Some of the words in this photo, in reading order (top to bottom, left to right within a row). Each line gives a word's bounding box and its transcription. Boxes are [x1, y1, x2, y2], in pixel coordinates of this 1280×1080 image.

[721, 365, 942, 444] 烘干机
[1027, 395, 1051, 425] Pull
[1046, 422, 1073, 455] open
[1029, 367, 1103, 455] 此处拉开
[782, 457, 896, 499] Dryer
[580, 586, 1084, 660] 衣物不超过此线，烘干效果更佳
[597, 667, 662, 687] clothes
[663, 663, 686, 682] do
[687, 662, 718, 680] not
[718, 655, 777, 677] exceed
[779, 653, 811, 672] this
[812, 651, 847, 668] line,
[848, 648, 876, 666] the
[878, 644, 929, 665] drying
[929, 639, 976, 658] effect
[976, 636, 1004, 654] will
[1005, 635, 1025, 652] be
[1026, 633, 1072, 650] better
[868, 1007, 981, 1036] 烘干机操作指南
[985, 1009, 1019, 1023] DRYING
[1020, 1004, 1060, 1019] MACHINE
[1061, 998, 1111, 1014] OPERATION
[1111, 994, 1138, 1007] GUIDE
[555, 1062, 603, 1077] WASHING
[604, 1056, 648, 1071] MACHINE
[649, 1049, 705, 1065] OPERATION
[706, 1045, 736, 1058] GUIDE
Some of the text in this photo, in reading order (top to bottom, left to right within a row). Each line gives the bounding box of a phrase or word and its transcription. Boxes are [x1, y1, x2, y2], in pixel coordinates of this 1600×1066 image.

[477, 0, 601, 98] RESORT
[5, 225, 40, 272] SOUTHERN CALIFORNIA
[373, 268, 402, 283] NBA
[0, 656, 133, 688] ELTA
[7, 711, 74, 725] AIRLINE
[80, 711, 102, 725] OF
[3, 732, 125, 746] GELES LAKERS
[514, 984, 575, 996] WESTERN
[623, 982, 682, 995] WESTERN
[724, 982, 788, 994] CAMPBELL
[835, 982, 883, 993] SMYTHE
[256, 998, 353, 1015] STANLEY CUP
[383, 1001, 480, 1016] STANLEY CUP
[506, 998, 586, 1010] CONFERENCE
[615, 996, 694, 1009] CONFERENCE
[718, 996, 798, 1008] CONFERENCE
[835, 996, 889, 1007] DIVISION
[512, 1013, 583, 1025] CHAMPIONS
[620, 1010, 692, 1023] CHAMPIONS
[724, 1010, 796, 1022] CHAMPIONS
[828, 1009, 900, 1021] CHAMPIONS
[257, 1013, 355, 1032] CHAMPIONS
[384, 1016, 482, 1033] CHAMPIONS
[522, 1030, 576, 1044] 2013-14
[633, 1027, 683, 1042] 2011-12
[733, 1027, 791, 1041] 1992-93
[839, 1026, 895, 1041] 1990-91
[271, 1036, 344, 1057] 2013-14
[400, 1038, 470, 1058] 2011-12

_ _ _ _ _

All lines from the one containing "Some of the text" through the end of the listing above are to be restated word for word, and no others.

### Expected output
Some of the text in this photo, in reading order (top to bottom, left to right within a row). Each line gives the bounding box of a phrase or word and its transcription. Boxes are [x1, y1, x2, y2], in pixel coordinates of this 1600×1066 image.

[477, 0, 601, 98] RESORT
[5, 225, 40, 272] SOUTHERN CALIFORNIA
[373, 268, 402, 283] NBA
[0, 656, 133, 688] ELTA
[7, 711, 74, 725] AIRLINE
[80, 711, 102, 725] OF
[3, 732, 125, 746] GELES LAKERS
[514, 984, 575, 996] WESTERN
[623, 982, 682, 995] WESTERN
[724, 982, 788, 994] CAMPBELL
[835, 982, 883, 993] SMYTHE
[256, 998, 353, 1015] STANLEY CUP
[383, 1001, 480, 1016] STANLEY CUP
[506, 998, 586, 1010] CONFERENCE
[615, 996, 694, 1009] CONFERENCE
[718, 996, 798, 1008] CONFERENCE
[835, 996, 889, 1007] DIVISION
[512, 1013, 583, 1025] CHAMPIONS
[620, 1010, 692, 1023] CHAMPIONS
[724, 1010, 796, 1022] CHAMPIONS
[828, 1009, 900, 1021] CHAMPIONS
[257, 1013, 355, 1032] CHAMPIONS
[384, 1016, 482, 1033] CHAMPIONS
[522, 1030, 576, 1044] 2013-14
[633, 1027, 683, 1042] 2011-12
[733, 1027, 791, 1041] 1992-93
[839, 1026, 895, 1041] 1990-91
[271, 1036, 344, 1057] 2013-14
[400, 1038, 470, 1058] 2011-12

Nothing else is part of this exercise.